For the rectangles, each rectangle is defined by two horizontal lines and two vertical lines. There are 6C2 many combinations of 2 vertical lines, and 5C2 many combinations of 2 horizontal lines. 6C2=(6*5)/(2*1)=15 5C2=(5*4)/(2*1)=10 Multiply them together and we get the answer of 150 different rectangles.
I first started by the left and counting the number of ways I could choose a side with 1, 2, 3 or 4 grid sides (turned out to be 10), then I multiplied by 4C2 (assuming it is a square grid). I also thought about multiplying by 5C2 but clearly that’s wrong too, giving 100 instead of 150. What went wrong? Edit: I find that by only choosing those sides, I confine myself to only those lines and not the other vertical lines, therefore overlooking some cases. This was just totally wrong as I didn’t even make the horizontal sides for the rectangle.
A midway technique I used: Count only the top triangles - 3 singles, 2 doubles and 1 triple triangle = 6. Then multiply by 4 because there are 4 sections downwards. 6*4=24 I feel like I'd be more likely to make an error if I tried to count them all by missing something or if I tried to come up with something more complex like you did.
I did a hybrid for the triangle calculation. I counted all the 1-height triangles which was 6. Then I multiplied by 4 because each base just adds a similar triangle for each of the 1-layer triangles. Less tedious that trying to count them all, but also simpler and more intuitive than having to remember the choose function.
You could also define a rectangle as being a selection of 2 points not on the same column or row as each other. There are (5+1)*(4+1)=30 points to select from. Our next point has some limitations, however, it has to be in a different column and row. Since each column has 5 other points(not counting the one we already selected), and each row has 4 other points(not counting the point we selected), there are 9 total points plus the point we are on that we can not pick. Thus we cannot pick 10 of the 30 points as a second point. So we can pick 30-10=20 points. 30*20=600. However, we have overcounted by 2. We could select point A then B. Or point B then A. Thus, we divide by 2 to get 300. Finally, each rectangle has 2 pairs of corners we can define it with, so we divide by 2 again to get 300/2=150.
Thanks! These brainteasers always bugged me. Choosing edges was the insight I was missing. Applying it to rectangles: (6 choose 2) times (5 choose 2) = 150
This is how I did it.
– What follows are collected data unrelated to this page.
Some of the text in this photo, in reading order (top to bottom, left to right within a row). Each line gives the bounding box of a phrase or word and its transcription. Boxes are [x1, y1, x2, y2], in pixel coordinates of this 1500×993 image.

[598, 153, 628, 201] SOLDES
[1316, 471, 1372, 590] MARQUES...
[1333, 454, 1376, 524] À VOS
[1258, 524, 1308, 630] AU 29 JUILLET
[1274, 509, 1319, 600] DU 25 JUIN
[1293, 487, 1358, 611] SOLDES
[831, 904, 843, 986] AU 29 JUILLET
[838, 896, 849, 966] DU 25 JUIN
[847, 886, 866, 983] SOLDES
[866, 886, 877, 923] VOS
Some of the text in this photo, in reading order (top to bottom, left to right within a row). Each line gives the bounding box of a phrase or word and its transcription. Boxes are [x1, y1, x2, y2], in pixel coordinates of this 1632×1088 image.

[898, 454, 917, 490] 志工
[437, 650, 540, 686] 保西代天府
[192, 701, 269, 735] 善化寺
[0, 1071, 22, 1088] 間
You can make 3 triangles each column and then extend it each row. Then 2 for each row by combining 2 of them. Then 1 for each by combining the entire column for each row. There are 4 rows so the answer would be: 4*3 + 4*2 + 4*1 = 24. It can also be written like this when working with larger rows and columns: rows * columns / 2 * (columns + 1)
Solution to 4:59 question: (6 choose 2) x (5 choose 2) = 150 rectangles And if you want to exclude squares (because people forget all squares are rectangle) then: All rectangles - Squares 150 - (20 + 12 + 6 + 2) = 110
I didn't get that method. It's kinda complicated to understand why it works. I believe you can just multiple the number of horizontal lines to the triangular number for the (number of vertical lines -1) In that case it's 4*(3+2+1) = 4*6 = 24.
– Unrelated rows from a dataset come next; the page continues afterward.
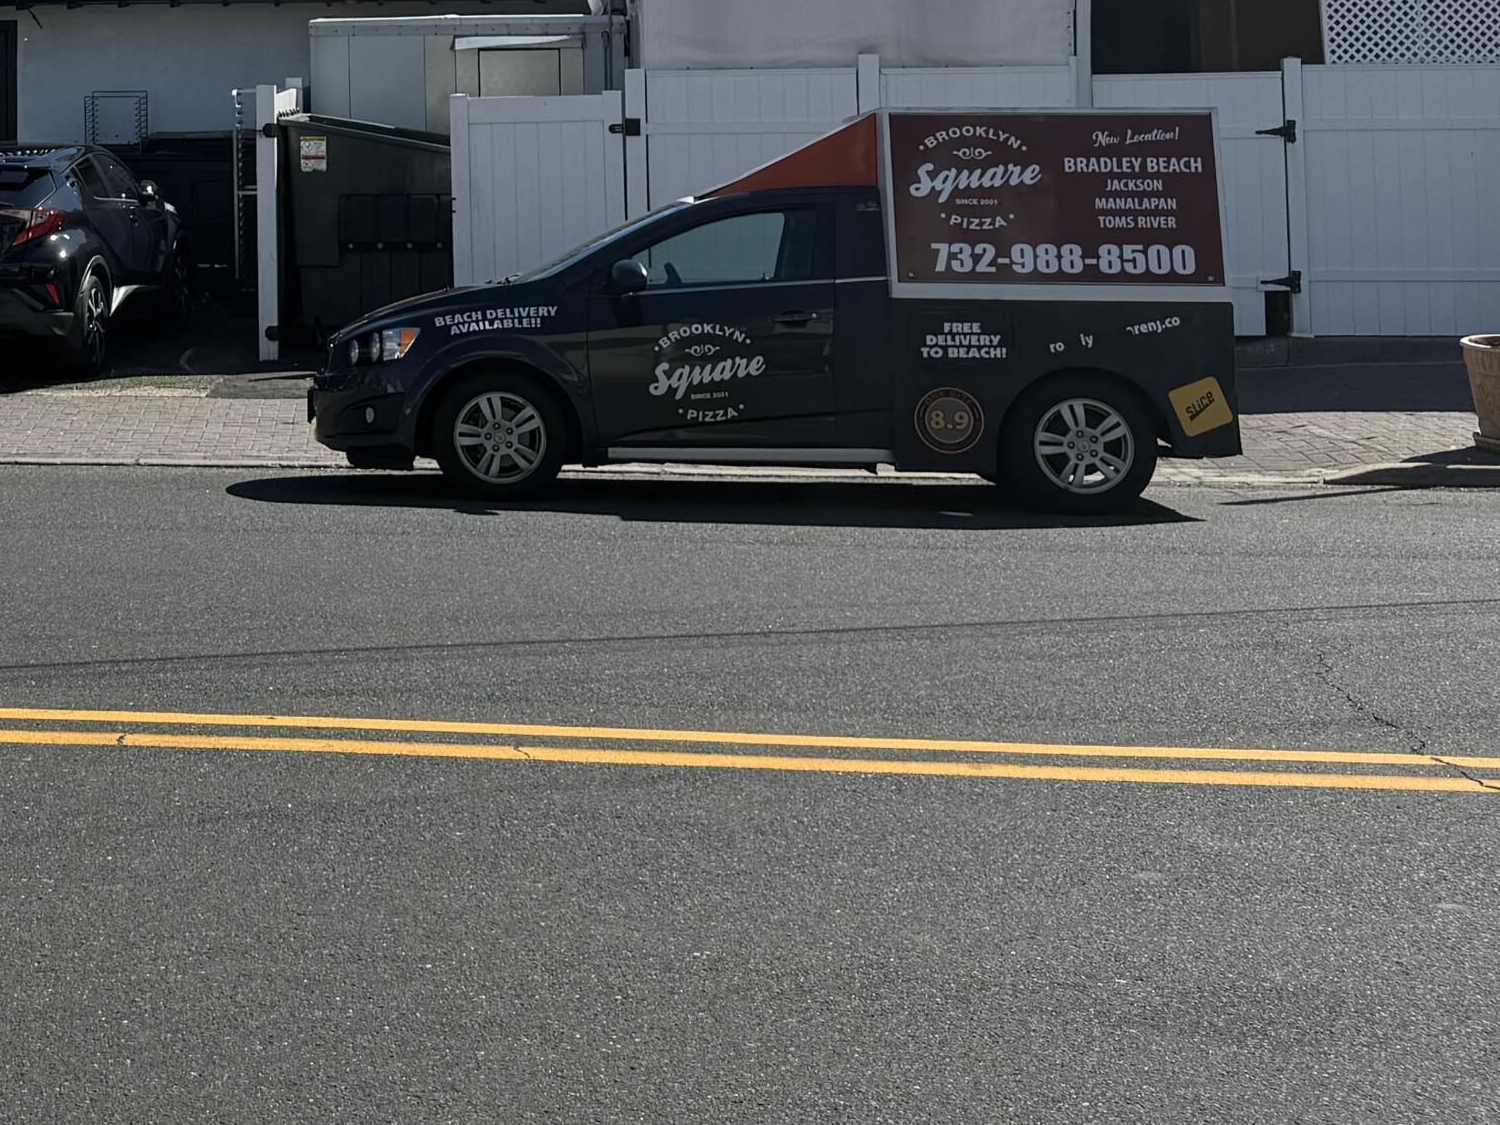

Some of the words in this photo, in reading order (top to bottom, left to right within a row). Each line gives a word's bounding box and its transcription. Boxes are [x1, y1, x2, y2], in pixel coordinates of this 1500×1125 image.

[924, 125, 1021, 150] BROOKLYN
[1125, 127, 1179, 145] Location!
[1063, 157, 1143, 173] BRADLEY
[1147, 157, 1203, 173] BEACH
[909, 163, 1042, 203] Square
[1105, 179, 1163, 192] JACKSON
[1095, 198, 1177, 210] MANALAPAN
[949, 214, 1008, 230] PIZZA
[1098, 216, 1136, 229] TOMS
[1138, 216, 1177, 229] RIVER
[931, 242, 1197, 275] 732-988-8500
[435, 311, 482, 328] BEACH
[486, 306, 557, 319] DELIVERY
[450, 319, 541, 335] AVAILABLE!!
[943, 322, 981, 334] FREE
[658, 323, 746, 348] BROOKLYN
[925, 334, 1001, 346] DELIVERY
[920, 347, 944, 358] TO
[948, 347, 1007, 359] BEACH!
[648, 355, 766, 400] Square
[687, 407, 739, 422] PIZZA
[930, 410, 970, 429] 8.9
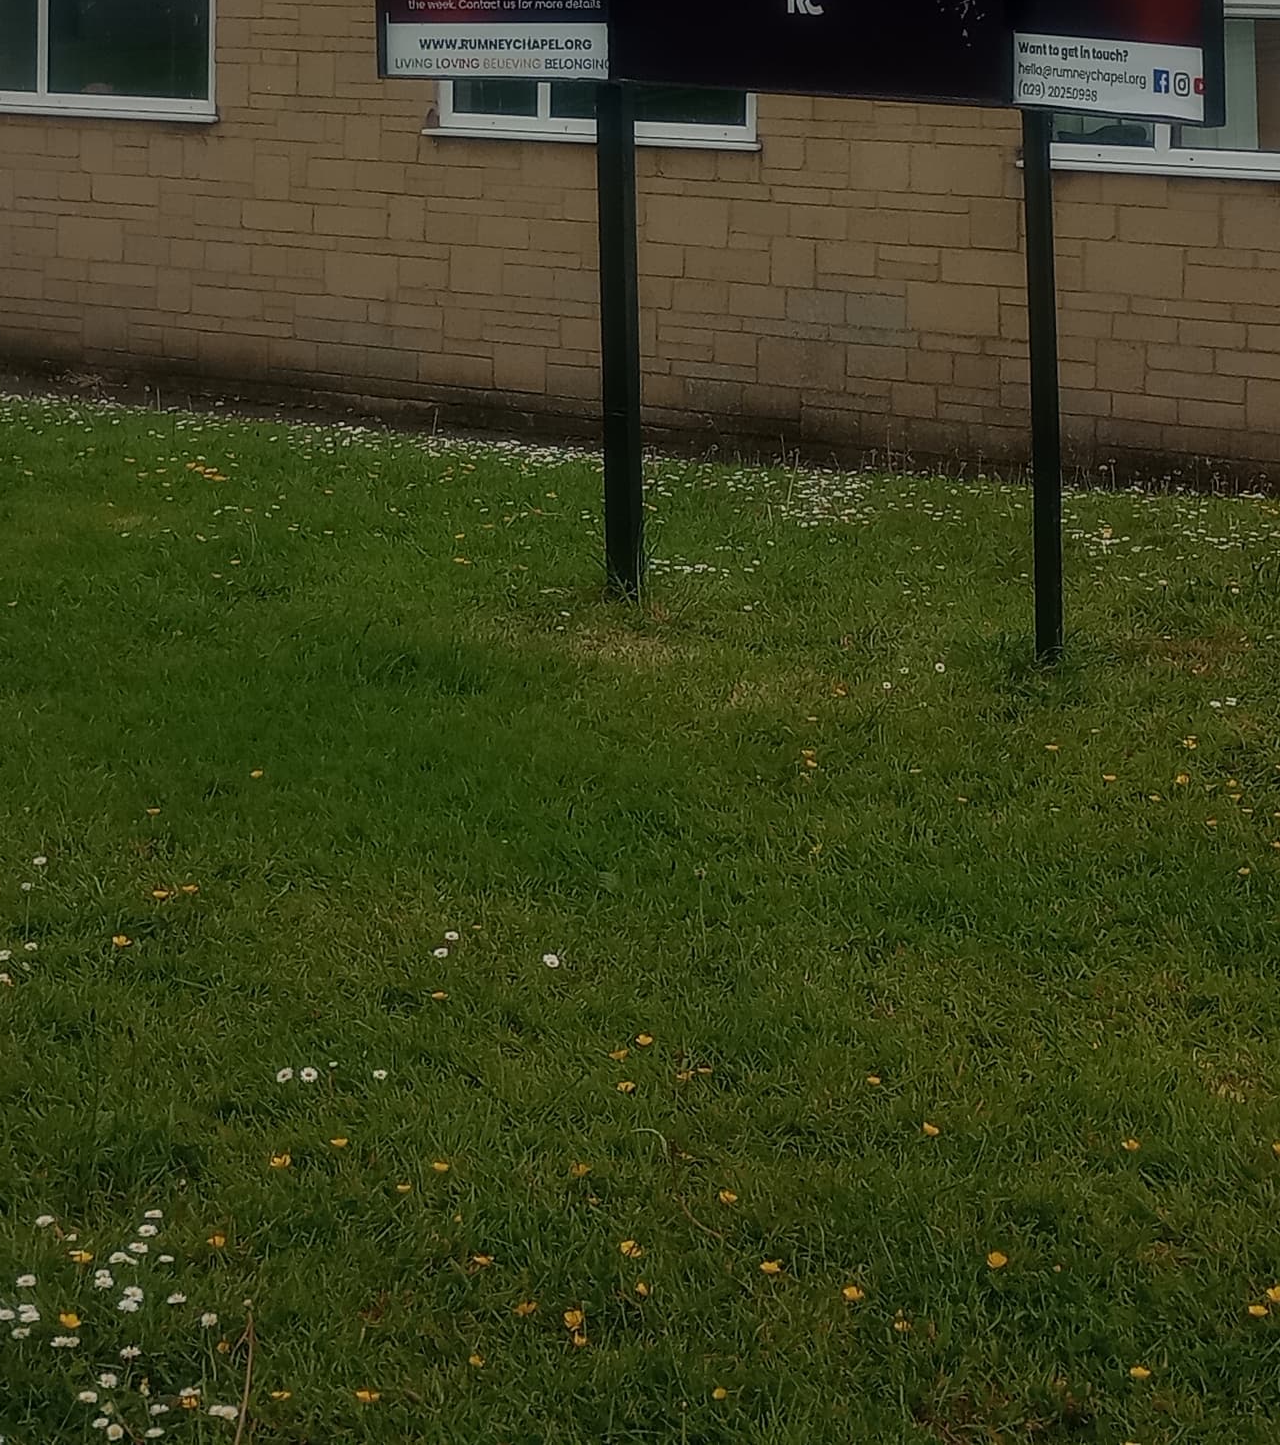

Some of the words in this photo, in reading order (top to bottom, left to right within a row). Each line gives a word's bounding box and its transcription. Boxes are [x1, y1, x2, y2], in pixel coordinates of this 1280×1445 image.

[408, 0, 425, 10] the
[503, 0, 517, 11] us
[534, 0, 564, 10] more
[419, 37, 592, 51] WWW.RUMNEYCHAPEL.ORG
[1018, 41, 1047, 57] Want
[1048, 45, 1060, 57] to
[1061, 46, 1079, 61] get
[1080, 45, 1091, 60] in
[1092, 47, 1129, 63] touch?
[395, 57, 433, 69] LIVING
[436, 57, 480, 69] LOVING
[483, 58, 541, 69] BELIEVING
[1018, 61, 1147, 89] hello@rumneychapel.org
[1018, 80, 1046, 99] (029)
For rectangles it's a bit different, you'll have to multiply the triangular number for (number of vertical lines - 1) to the triangular number of (number of horizontal lines - 1). So in the case of given question it'd be (5+4+3+2+1)*(4+3+2+1) = 15*10 = 150
Its not 24,even google says its 25 How i did this triangle question,i used this method Each row has 3 triangles that you can see,to get the total amount of triangle combinations,just do 3! Factorial,which equals 6 Since there are 4 rows,just do 6 times 4 which equals 24 Then the whole thing is just a big triangle,so do 24+1 which equals 25 There are 25 triangles overall.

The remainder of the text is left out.